Fine v. Neale Construction Co. ( 1960 )


Menu:
  • 186 Kan. 537 (1960)
    352 P.2d 404

    HOWARD B. FINE, Appellee,
    v.
    NEALE CONSTRUCTION CO., INC., A Corporation, Appellant.

    No. 41,234

    Supreme Court of Kansas.

    Opinion filed April 9, 1960.

    William L. Rees, of Topeka, argued the cause, and Hall Smith, of Topeka, and Lyle L. Robertson, of Washington, D.C., were with him on the briefs for the appellant.

    Ernest J. Rice, of Topeka, argued the cause and Richard R. Funk, of Topeka, was with him on the brief for the appellee.

    The opinion of the court was delivered by

    PRICE, J.:

    The plaintiff, Howard B. Fine, brought two actions — one against the Telephone & Power Supply Co., and the other against the Neale Construction Co., Inc., to recover certain salary and expense money. The actions were consolidated and tried together in the trial court, and in each case judgment was rendered for plaintiff. Each of the defendants appealed, and in the first-mentioned case the judgment was affirmed in Fine v. Telephone & Power Supply Co., 185 Kan. 383, 345 P.2d 616.

    This appeal is by the defendant, Neale Construction Co., Inc.

    It is unnecessary to set forth the pleadings of the parties except to say that plaintiff alleged defendant company was indebted to him for salary and certain expenses. This indebtedness was denied by defendant, and it is claimed that plaintiff, who was an officer and director of defendant, agreed with other officers to cancel and relinquish all salaries and claims after a certain date and until improvement was shown in the financial condition of defendant.

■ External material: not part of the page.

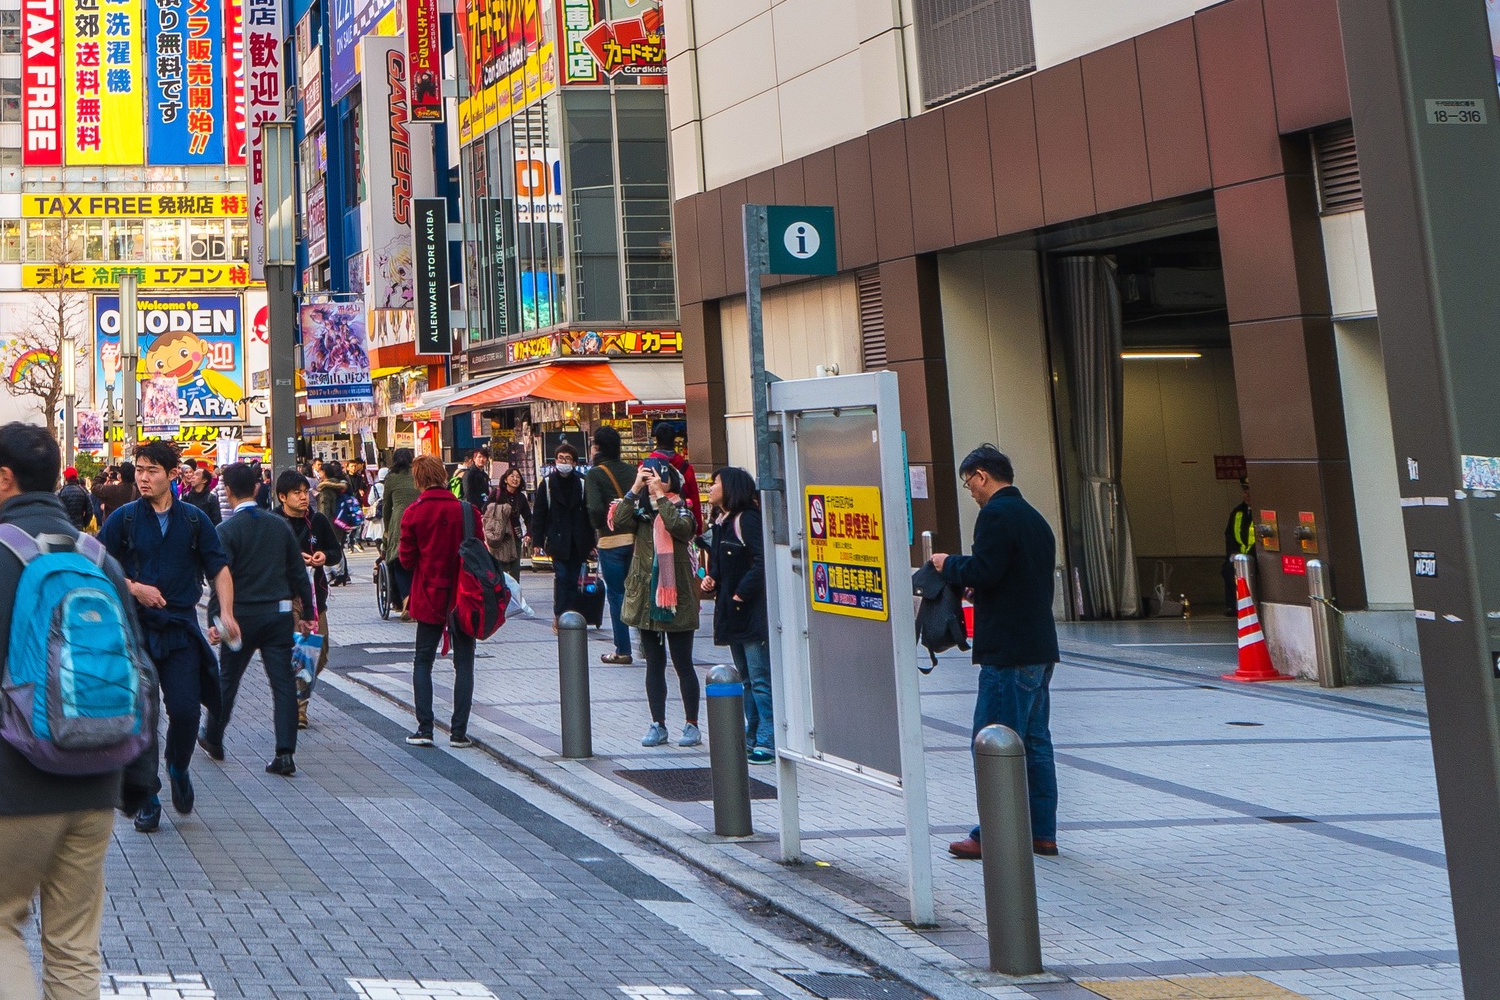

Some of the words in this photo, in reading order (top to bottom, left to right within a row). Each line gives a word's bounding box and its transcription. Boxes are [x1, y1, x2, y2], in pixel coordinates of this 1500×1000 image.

    Except for the differences in identity of parties defendant, dates and amounts involved, the record in this case parallels closely that in the telephone company case, above, and for that reason will not be detailed.

    At the conclusion of the trial the court made findings of fact covering the matters in issue, and specifically found that at no time did plaintiff agree to cancel any part of his salary, wages or expense money owing by defendant. The conclusion of law was that plaintiff was entitled to judgment in the amount of $8,111.27.

    Defendant's post-trial motions being overruled, it has appealed, and alleges ten assignments of error, most of which are in a sense collateral to the real basic question involved — namely, whether there was an agreement among the parties to cancel salaries.

    In its brief defendant calls our attention to certain testimony and evidence in the record which tends to contradict the findings of the *539 trial court, and, while conceding the firmly-established rule hereafter mentioned, contends the record is devoid of any substantial evidence to support the trial court's findings.

    No useful purpose would be served by detailing the evidence which would support findings contrary to those made, for in all cases where findings are supported by the evidence it is of no consequence on appeal that there may have been much contradictory evidence introduced which, if believed by the trial court, would have compelled entirely different findings of fact and an entirely different judgment. For a thorough discussion of this rule reference is made to Bruington v. Wagoner, 100 Kan. 439, 164 P. 1057, and see also In re Estate of Guest, 182 Kan. 760, 766, 324 P.2d 184.

    Much of that which was said and held in the telephone company case, above, applies with equal force to the matter before us. We have examined this record and, although the evidence was contradictory in many respects, nevertheless, it may not be said there was no substantial competent evidence to support the findings made. Defendant simply did not sustain the burden of convincing the trier of the facts of its contentions and theory of the case. Other matters argued in the briefs have been examined and considered but, in view of our conclusion, require no discussion. We find no error in the record and the judgment is therefore affirmed.